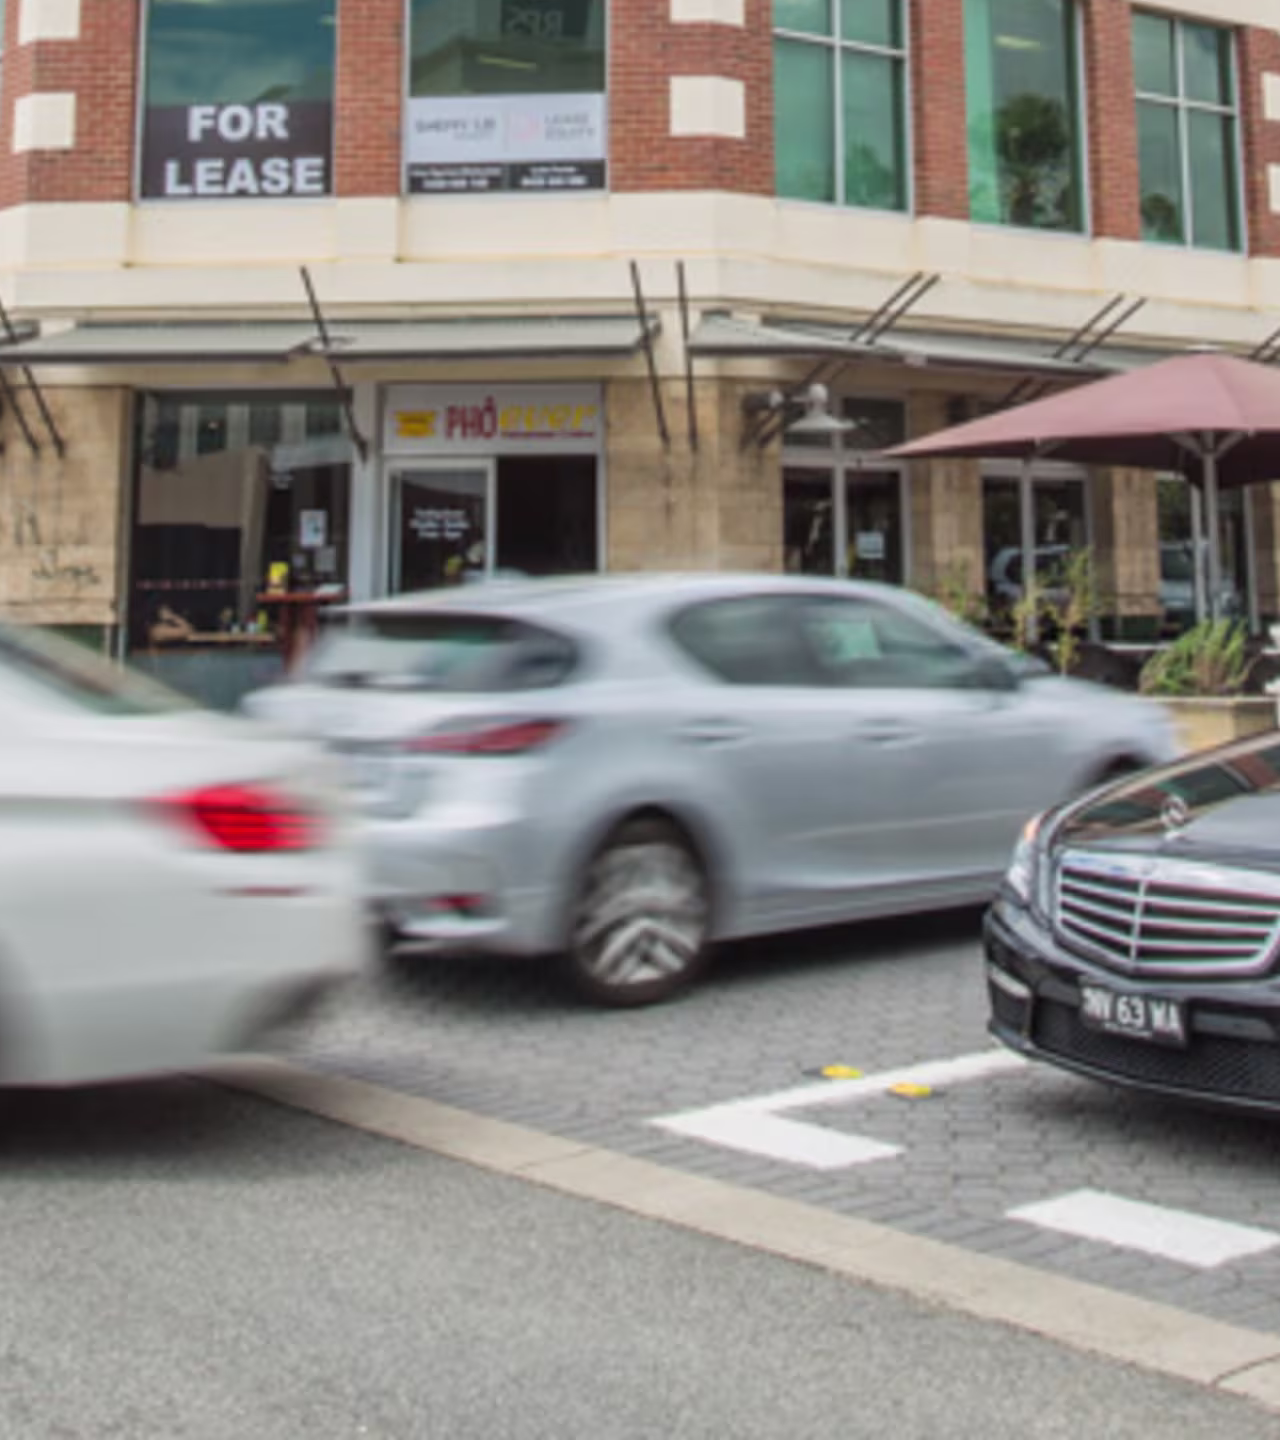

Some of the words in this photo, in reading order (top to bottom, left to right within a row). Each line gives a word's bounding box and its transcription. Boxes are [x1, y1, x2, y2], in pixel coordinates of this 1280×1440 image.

[187, 103, 289, 142] FOR
[164, 157, 325, 195] LEASE
[500, 404, 598, 430] ever
[1117, 994, 1145, 1028] 63
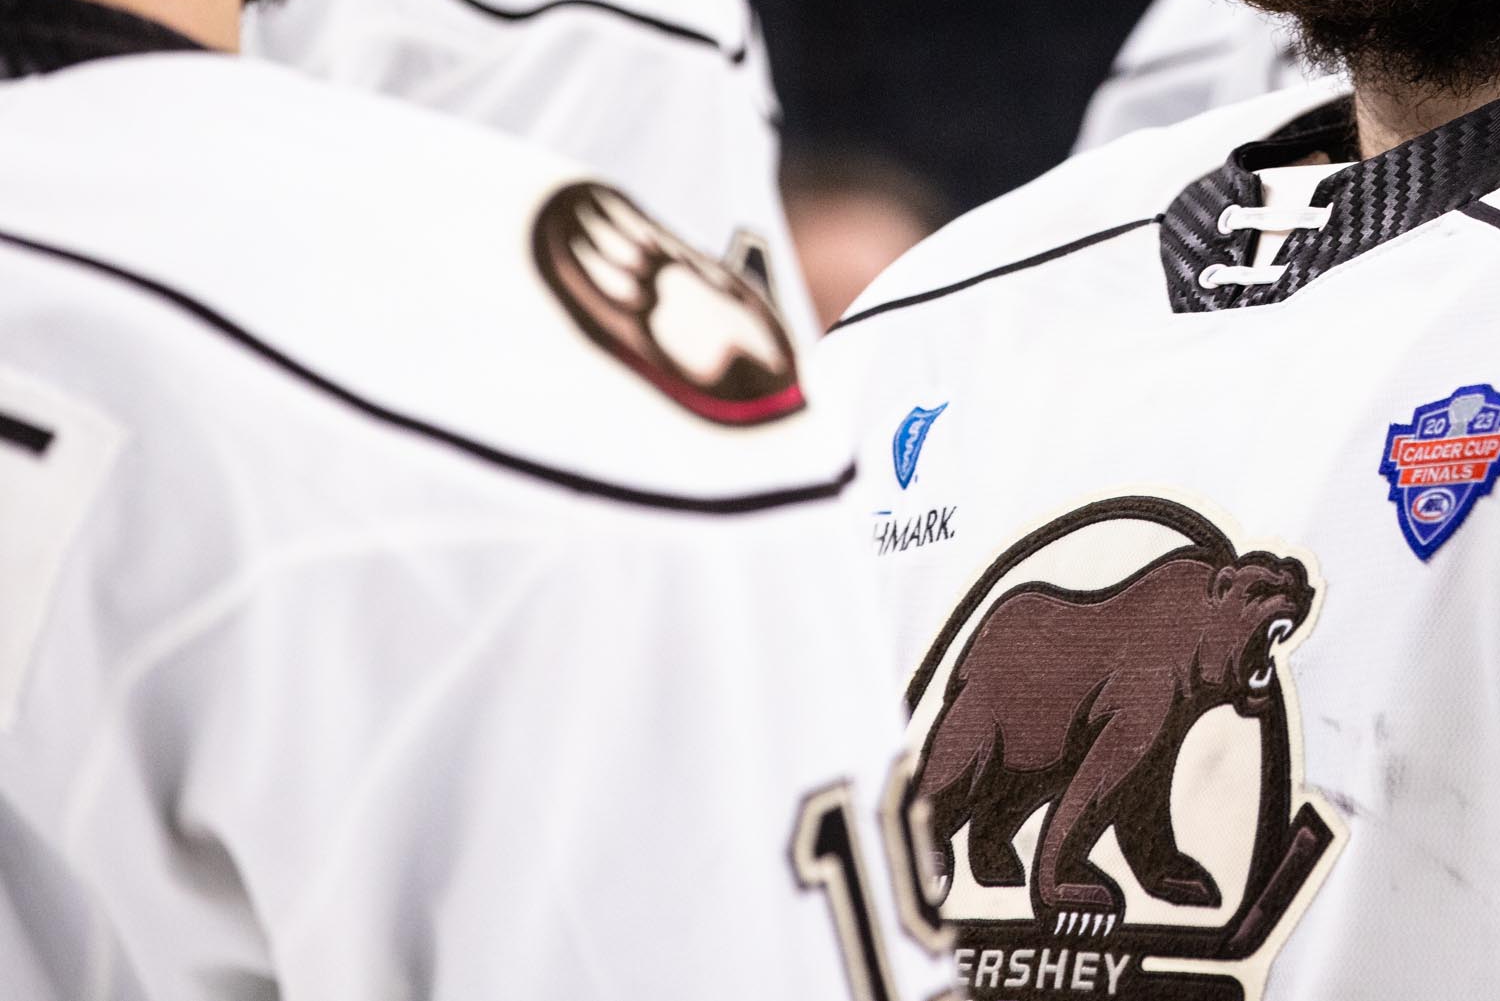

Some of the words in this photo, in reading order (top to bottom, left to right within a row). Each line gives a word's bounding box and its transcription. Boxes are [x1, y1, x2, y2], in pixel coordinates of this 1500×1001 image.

[1424, 419, 1446, 435] 20
[1473, 412, 1495, 430] 23
[1403, 443, 1461, 462] CALDER
[1465, 439, 1499, 456] CUP
[1410, 464, 1474, 483] FINALS
[954, 947, 1131, 995] ERSHEY
++++
• _Description of the task_:
Each entry is to be written out again word for word, and any pictures are to be omitted.

• _Completed exercise_:
Some of the words in this photo, in reading order (top to bottom, left to right within a row). Each line gives a word's bounding box and its transcription. Boxes are [x1, y1, x2, y2], in pixel coordinates of this 1280×1440 image.

[187, 103, 289, 142] FOR
[164, 157, 325, 195] LEASE
[500, 404, 598, 430] ever
[1117, 994, 1145, 1028] 63

Some of the words in this photo, in reading order (top to bottom, left to right within a row). Each line gives a word's bounding box and its transcription. Boxes are [x1, y1, x2, y2], in pixel coordinates of this 1500×1001 image.

[1424, 419, 1446, 435] 20
[1473, 412, 1495, 430] 23
[1403, 443, 1461, 462] CALDER
[1465, 439, 1499, 456] CUP
[1410, 464, 1474, 483] FINALS
[954, 947, 1131, 995] ERSHEY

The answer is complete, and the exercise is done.